Stored data entries
=== Begin Enclosure ===

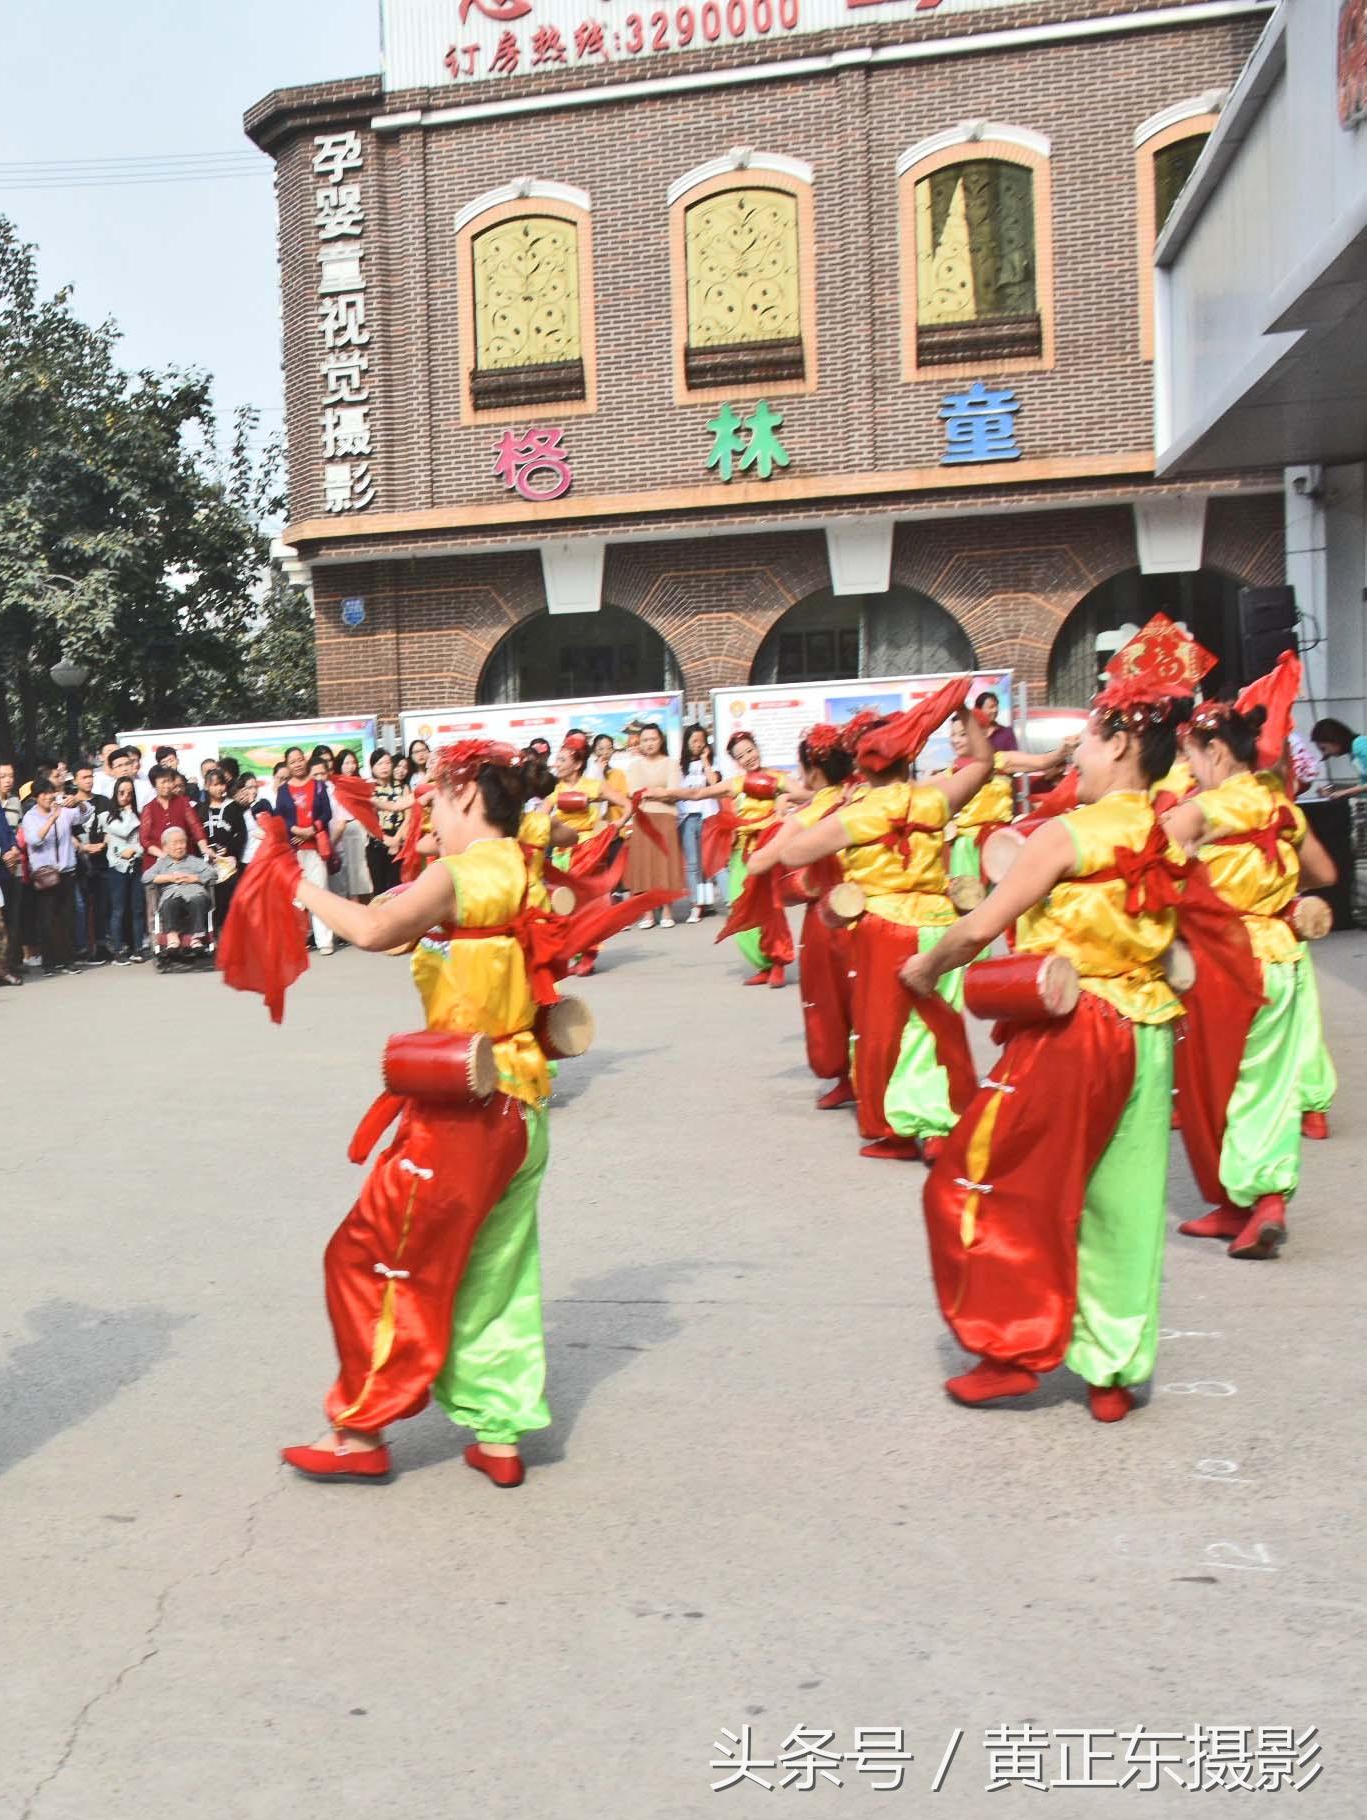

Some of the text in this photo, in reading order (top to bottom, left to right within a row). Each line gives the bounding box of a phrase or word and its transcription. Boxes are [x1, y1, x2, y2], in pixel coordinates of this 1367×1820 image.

[313, 130, 376, 513] 孕婴童视觉摄影
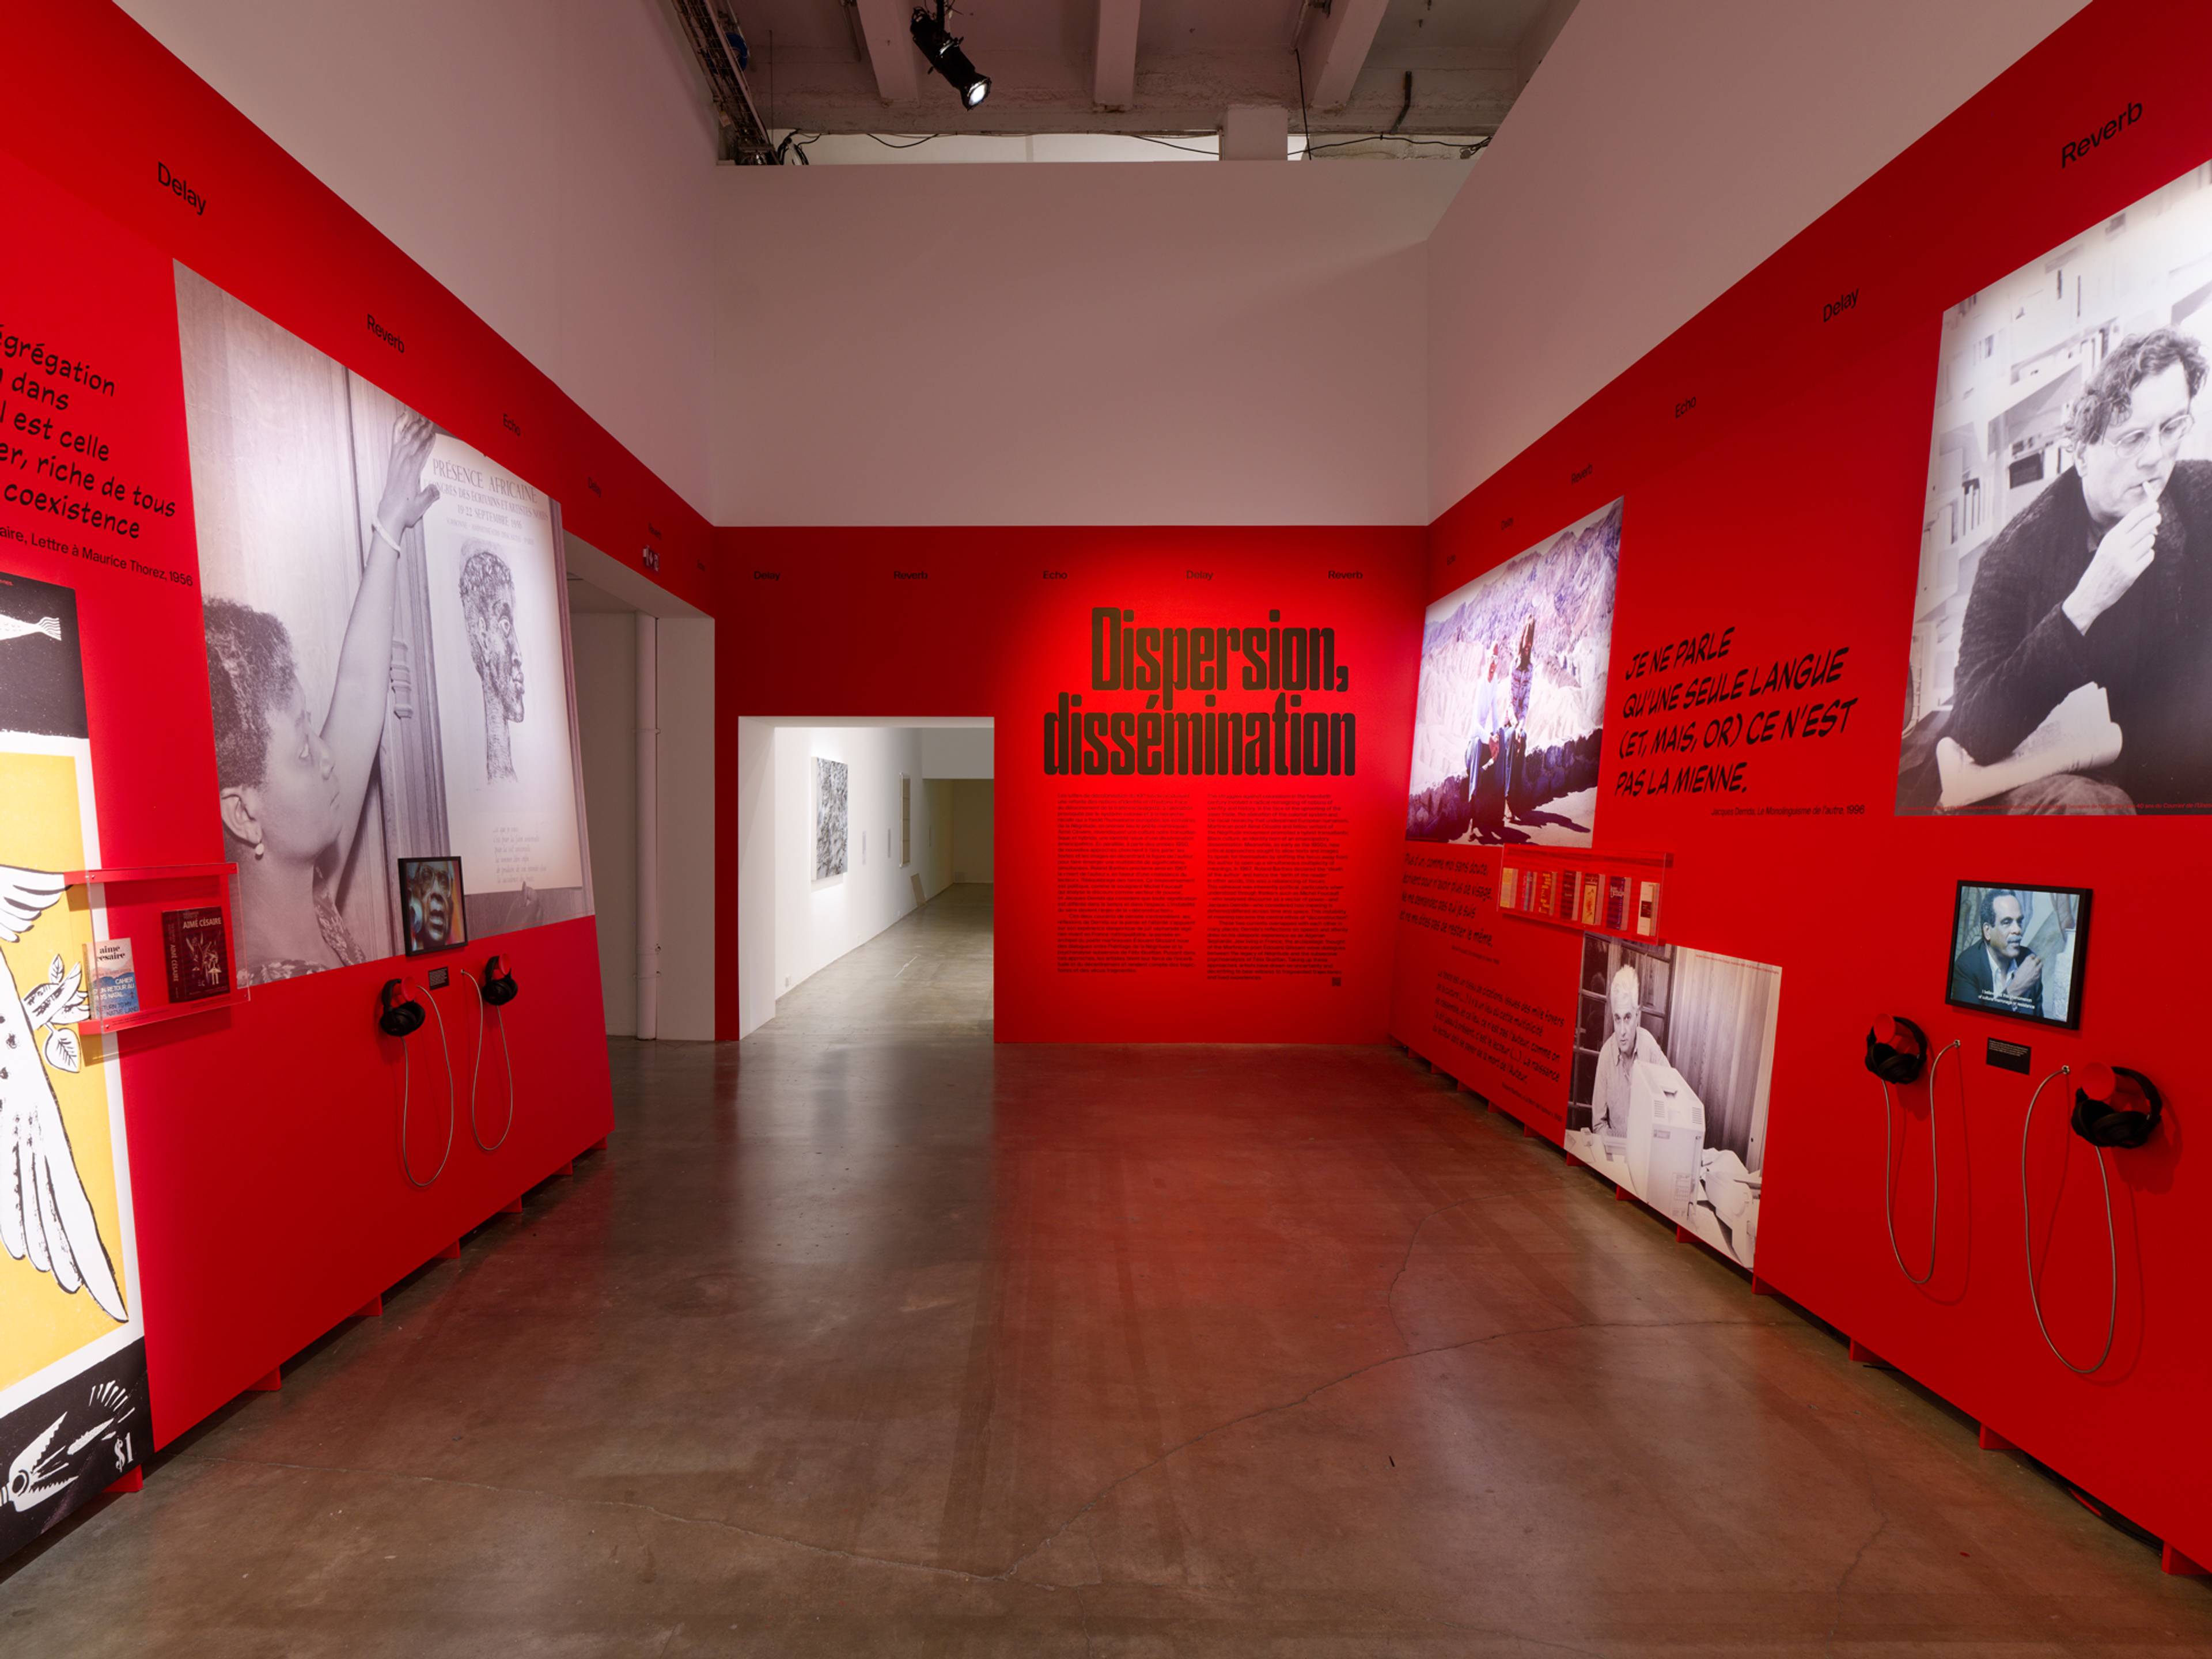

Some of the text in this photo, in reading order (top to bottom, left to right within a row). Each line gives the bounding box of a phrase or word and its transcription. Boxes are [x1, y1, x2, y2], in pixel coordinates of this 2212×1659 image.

[2062, 102, 2143, 169] Reverb
[158, 161, 207, 216] Delay
[1823, 289, 1859, 323] Delay
[367, 313, 405, 354] Reverb
[12, 372, 69, 410] dans
[1675, 396, 1696, 419] Echo
[14, 412, 54, 440] est
[59, 430, 109, 461] celle
[503, 413, 521, 437] Echo
[37, 456, 94, 490] riche
[102, 476, 126, 501] de
[133, 486, 176, 517] tous
[433, 458, 538, 504] PRÉSENCE AFRICAINE
[588, 476, 601, 498] Delay
[1571, 463, 1593, 484] Reverb
[4, 483, 141, 539] coexistence
[31, 533, 69, 554] Lettre
[71, 544, 79, 556] à
[82, 547, 127, 570] Maurice
[130, 560, 168, 581] Thorez,
[169, 570, 194, 587] 1956
[753, 570, 781, 581] Delay
[893, 570, 928, 579] Reverb
[1043, 570, 1068, 580] Echo
[1186, 570, 1214, 581] Delay
[1328, 570, 1363, 579] Reverb
[1092, 607, 1349, 711] Dispersion,
[1626, 626, 1735, 681] JE NE PARLE
[1623, 646, 1849, 719] QU'UNE SEULE LANGUE
[1043, 691, 1356, 777] dissémination
[1619, 697, 1859, 759] (ET, MAIS, OR) CE N'EST
[1614, 762, 1748, 797] PAS LA MIENNE.
[1711, 808, 1733, 817] Jacques
[1758, 807, 1765, 815] Le
[1812, 806, 1821, 815] de
[1846, 804, 1865, 815] 1996
[183, 916, 222, 929] AIMÉ CÉSAIRE
[114, 1432, 134, 1473] $1
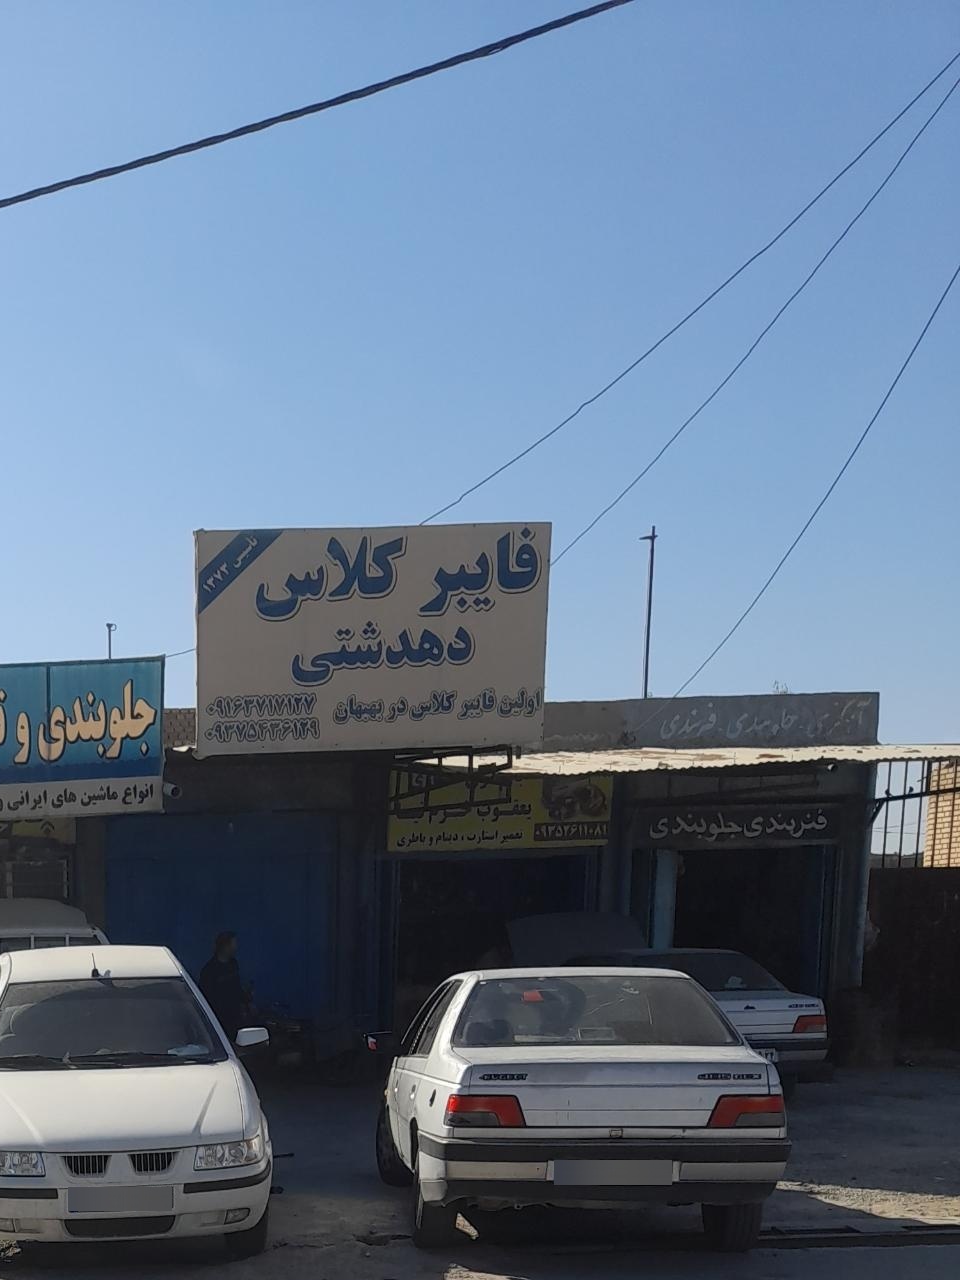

=== End Enclosure ===

-- Task brief --
Exact copies of all the entries, without any pictures, are what the answer must contain.

-- Result of the task --
Some of the text in this photo, in reading order (top to bottom, left to right within a row). Each line gives the bounding box of a phrase or word and its transcription. Boxes are [x1, y1, x2, y2], in pixel coordinates of this 1367×1820 image.

[313, 130, 376, 513] 孕婴童视觉摄影

Some of the text in this photo, in reading order (top to bottom, left to right within a row). Each line gives the bounding box of a phrase or word and its transcription. Boxes are [x1, y1, x2, y2], in pixel coordinates of this 2212×1659 image.

[2062, 102, 2143, 169] Reverb
[158, 161, 207, 216] Delay
[1823, 289, 1859, 323] Delay
[367, 313, 405, 354] Reverb
[12, 372, 69, 410] dans
[1675, 396, 1696, 419] Echo
[14, 412, 54, 440] est
[59, 430, 109, 461] celle
[503, 413, 521, 437] Echo
[37, 456, 94, 490] riche
[102, 476, 126, 501] de
[133, 486, 176, 517] tous
[433, 458, 538, 504] PRÉSENCE AFRICAINE
[588, 476, 601, 498] Delay
[1571, 463, 1593, 484] Reverb
[4, 483, 141, 539] coexistence
[31, 533, 69, 554] Lettre
[71, 544, 79, 556] à
[82, 547, 127, 570] Maurice
[130, 560, 168, 581] Thorez,
[169, 570, 194, 587] 1956
[753, 570, 781, 581] Delay
[893, 570, 928, 579] Reverb
[1043, 570, 1068, 580] Echo
[1186, 570, 1214, 581] Delay
[1328, 570, 1363, 579] Reverb
[1092, 607, 1349, 711] Dispersion,
[1626, 626, 1735, 681] JE NE PARLE
[1623, 646, 1849, 719] QU'UNE SEULE LANGUE
[1043, 691, 1356, 777] dissémination
[1619, 697, 1859, 759] (ET, MAIS, OR) CE N'EST
[1614, 762, 1748, 797] PAS LA MIENNE.
[1711, 808, 1733, 817] Jacques
[1758, 807, 1765, 815] Le
[1812, 806, 1821, 815] de
[1846, 804, 1865, 815] 1996
[183, 916, 222, 929] AIMÉ CÉSAIRE
[114, 1432, 134, 1473] $1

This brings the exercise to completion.